Femme International has suggested at least one acceptable option: menstrual cups. ‘Menstrual cups provide an affordable and sustainable solution to menstrual health management. A menstrual cup is made of medical grade silicone and is worn inside the vagina during menstruation to collect fluid. Menstrual cups are more cost-efficient and environmentally friendly than tampons as they can be washed and reused for up to 15 years. Unlike [expensive] pads and tampons, the cups only need to be emptied every 12 hours. Thus girls can attend school without worrying about the availability of private washroom facilities, or revealing their period to peers.

There are other remedies of course and they, too, need to be pursued. Once again the Femme International: ‘Young women who lack the knowledge and resources to safely and effectively manage their periods not only miss school but face stigma and shame from their male and female peers. When girls do not understand why their body menstruates each month, they easily believe that it is something to feel shame about, something to keep hidden and something that is a source of humiliation. This type of behaviour is strongly influenced by the widespread stigma that surrounds menstruation in the majority of communities. When women are unable to manage their periods, they are less able to participate in daily life. Addressing the issue of menstruation through health education, positive reinforcement and the provision of management materials reduces these gender specific barriers.’

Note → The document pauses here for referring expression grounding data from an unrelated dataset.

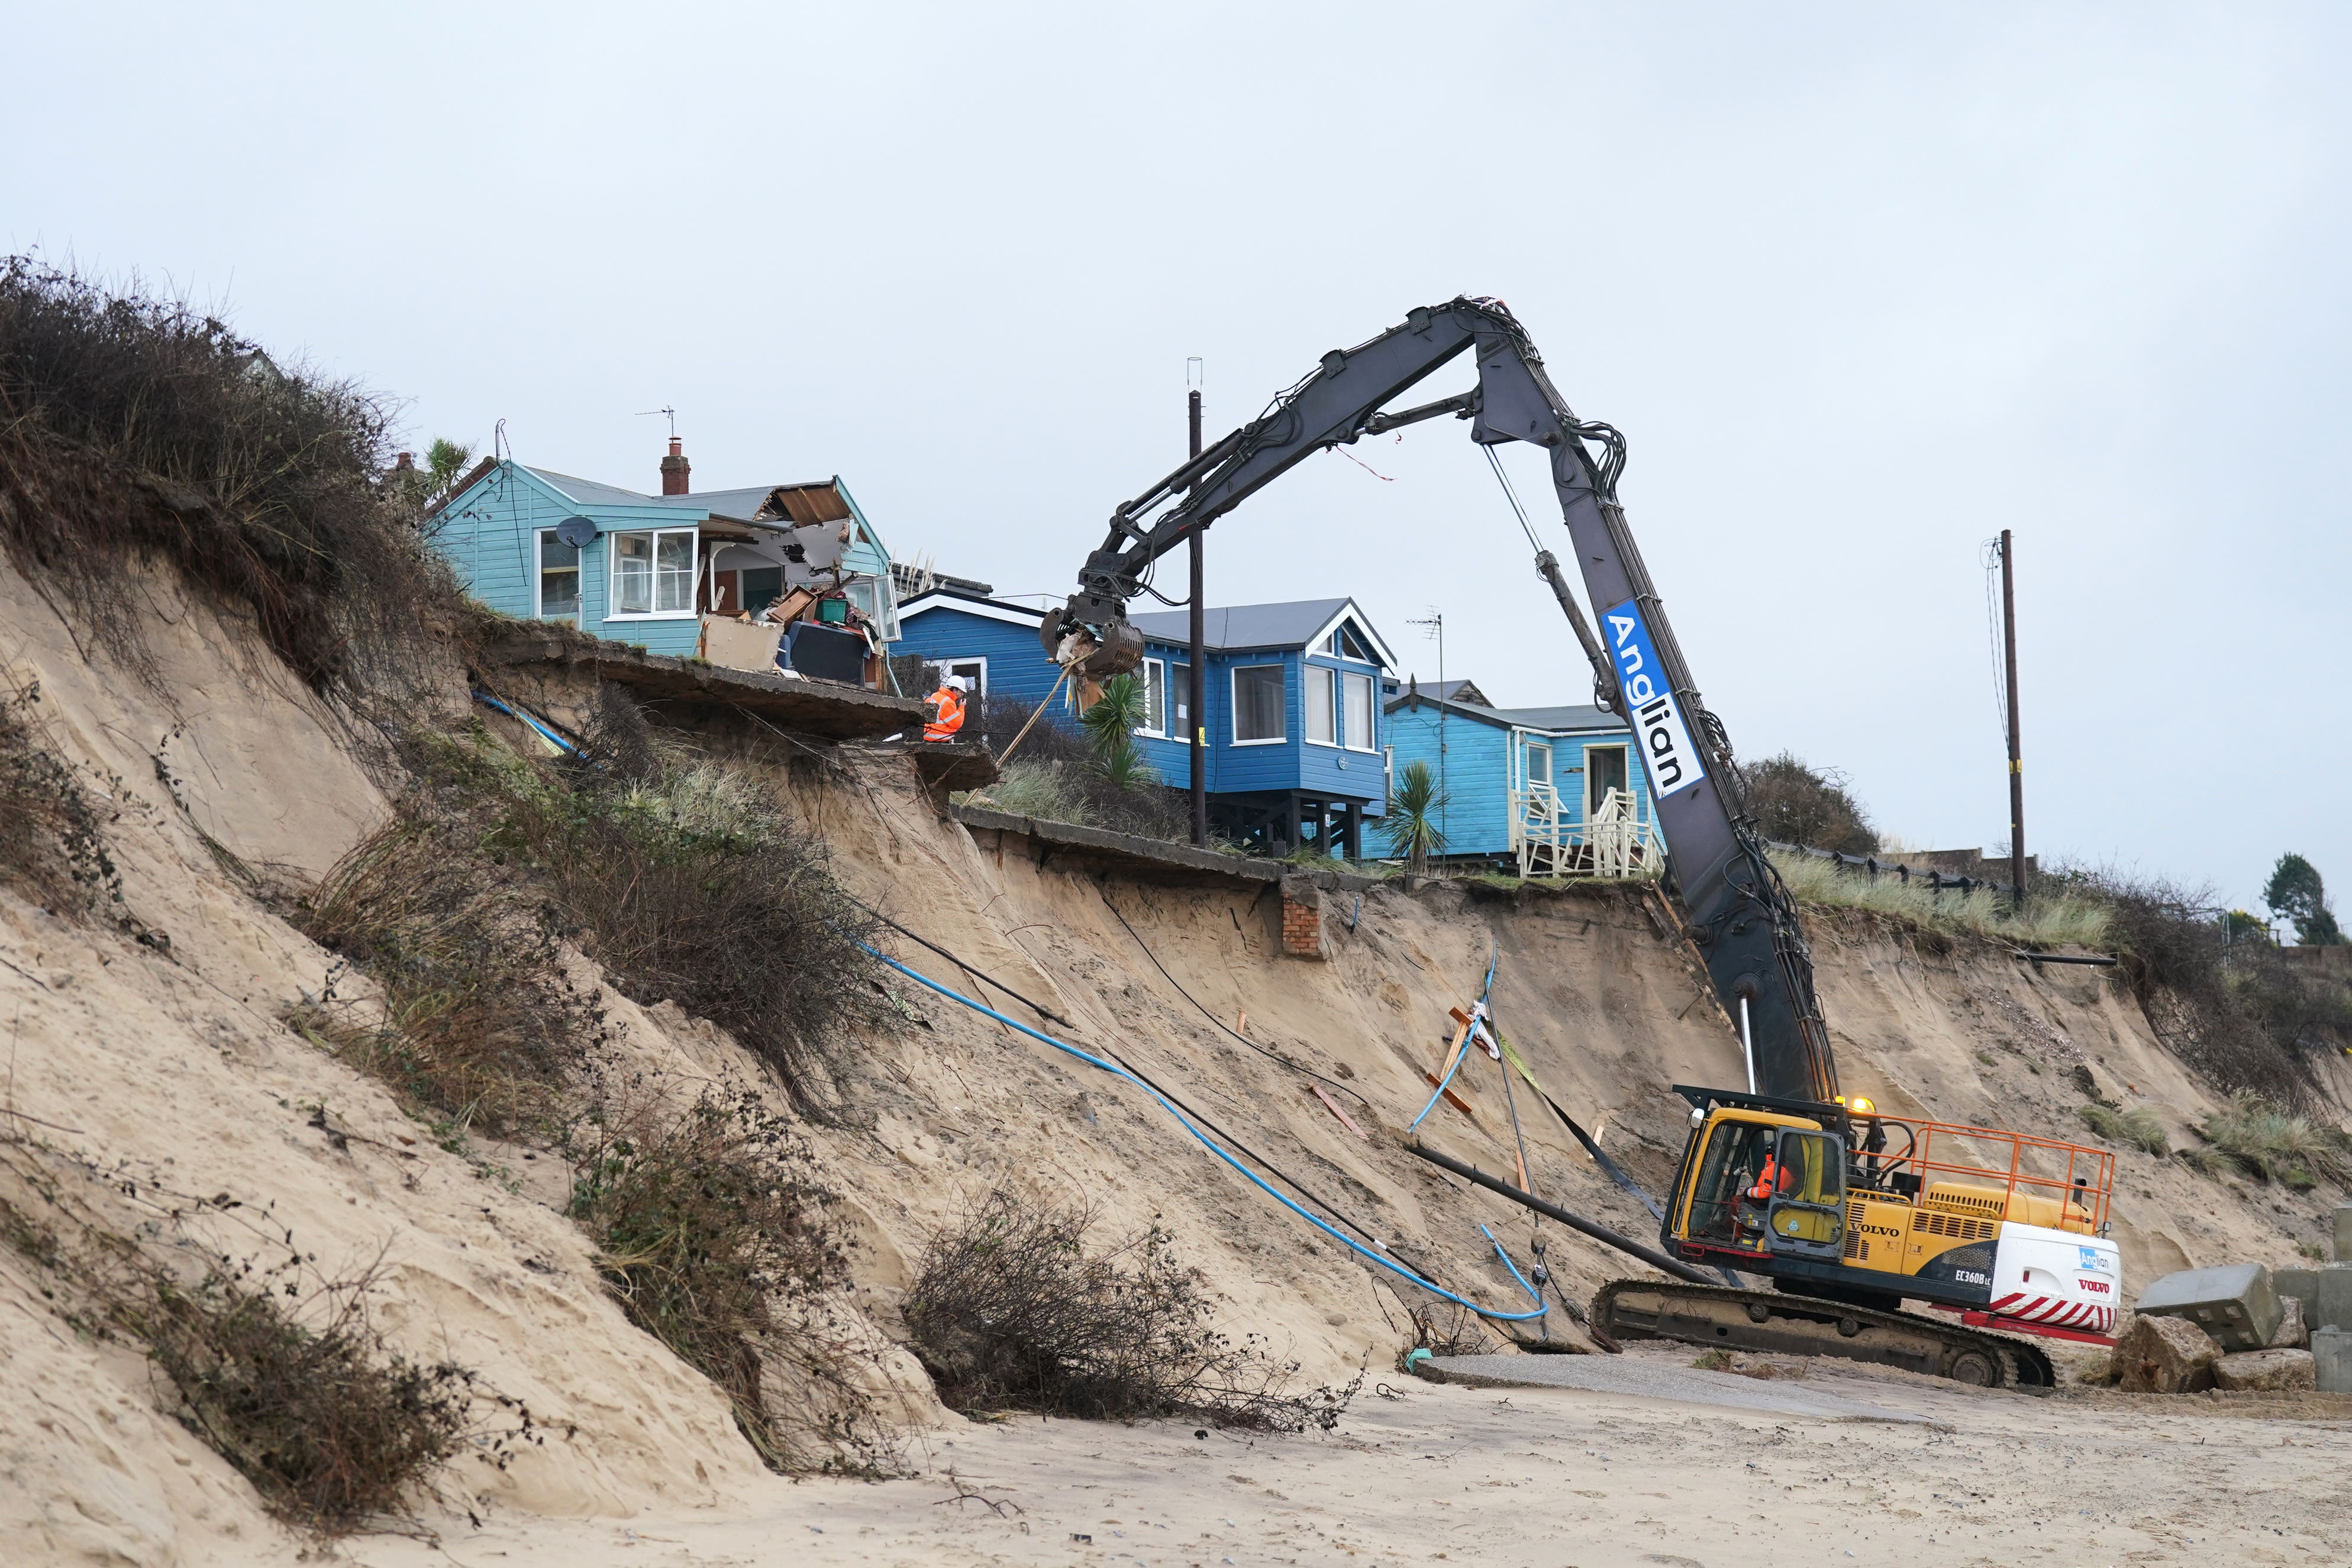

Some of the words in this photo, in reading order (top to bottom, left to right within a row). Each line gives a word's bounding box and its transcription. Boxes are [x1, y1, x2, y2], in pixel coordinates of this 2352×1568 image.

[1608, 615, 1682, 788] Anglian
[1849, 1222, 1899, 1237] VOLVO
[2081, 1251, 2109, 1270] Anglian
[1955, 1269, 1985, 1285] EC360B
[1985, 1277, 1992, 1286] LC
[2078, 1279, 2109, 1294] VOLVO

Yes, it’s a step to be sure, but one that may require a generation to succeed. We must not give up because the progress seems slow and the task insurmountable. Attitudes do shift, cultural mores and folkways change, governments fall. And with the almost ubiquitous availability of social media, one hopes the results might be noticeable even in our time. The curtain of mystery that has always separated the two sexes need not be rent asunder, though –mystery, after all, can be a source of awe and wonder. And not all mysteries have to be solved -sometimes just acknowledged and appreciated for their charm and excitement. No, the fabric need not be torn -merely parted enough to reveal that what differences do exist between the sides -between males and females- are nothing to fear. We were made for each other, after all.